CONTENTS
- 1. Kisah klien yang meminta bantuan pengacara perkara penguntitan

- 2. 3 strategi yang disiapkan dengan bantuan pengacara perkara penguntitan

- 3. Hasil yang dipersiapkan melalui kerja sama antara pengacara perkara penguntitan dan Pusat Pemeriksaan Alat Bukti dan Forensik Digital

- 4. Unsur-unsur pelanggaran Undang-Undang Penghukuman Tindak Pidana Penguntitan Korea Selatan menurut pengacara perkara penguntitan

- 5. Saat bantuan pengacara perkara penguntitan diperlukan

1. Kisah klien yang meminta bantuan pengacara perkara penguntitan
Klien yang datang mencari pengacara perkara penguntitan bekerja di sebuah perusahaan besar dan menjalin hubungan di luar perkawinan dengan seorang pegawai di tempat kerjanya, sementara keduanya masing-masing telah memiliki pasangan.
Setelah mengetahui hal tersebut, pasangan klien menghubungi korban dan mengancamnya dengan mengatakan, “Jangan pernah menghubunginya lagi,” sehingga klien dan korban mengakhiri hubungan mereka.
Setelah itu, korban meminta klien agar tidak menghubunginya.

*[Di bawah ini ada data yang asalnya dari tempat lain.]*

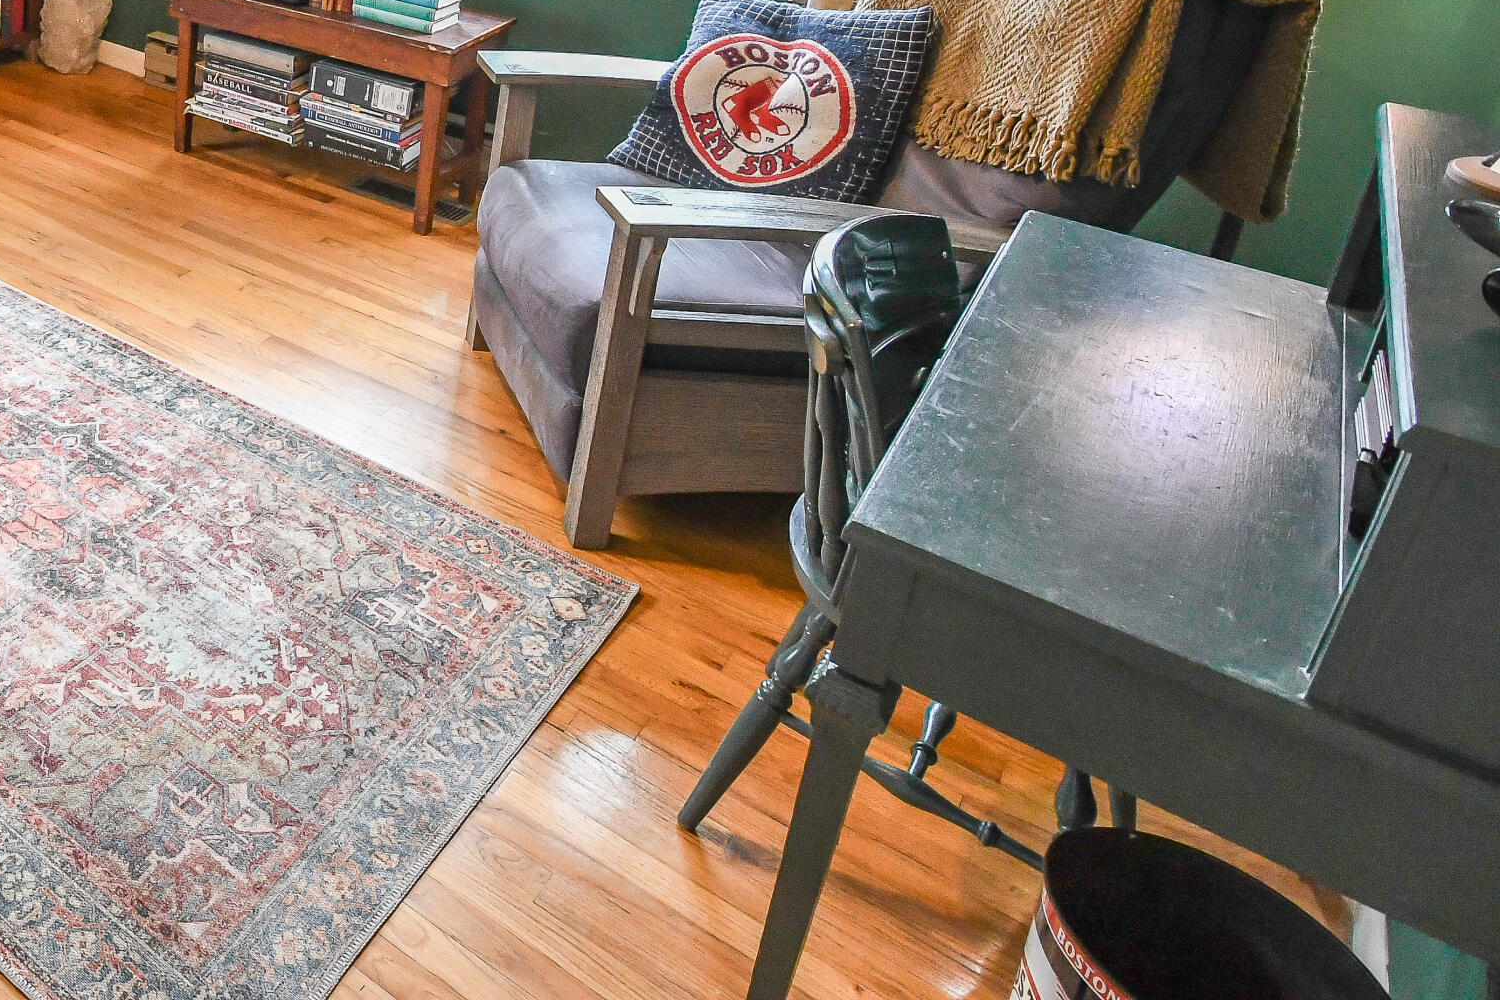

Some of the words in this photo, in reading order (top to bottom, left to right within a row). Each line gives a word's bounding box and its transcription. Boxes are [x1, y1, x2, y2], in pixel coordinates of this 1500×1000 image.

Namun, karena mengkhawatirkan korban, klien beberapa kali menghubunginya secara berulang.
Korban kemudian menyatakan bahwa dirinya menderita akibat tindakan klien dan mengajukan pengaduan atas dugaan pelanggaran Undang-Undang Penghukuman Tindak Pidana Penguntitan Korea Selatan.
Klien yang akan ditugaskan ke luar negeri sebagai pegawai perusahaan merasa khawatir akan mengalami kerugian akibat penghukuman pidana sehingga meminta bantuan pengacara perkara penguntitan.

2. 3 strategi yang disiapkan dengan bantuan pengacara perkara penguntitan
1. Tidak menimbulkan kecemasan atau ketakutan
Pengacara perkara penguntitan menyusun riwayat percakapan antara korban dan klien untuk membuktikan bahwa keduanya terus berkomunikasi secara akrab.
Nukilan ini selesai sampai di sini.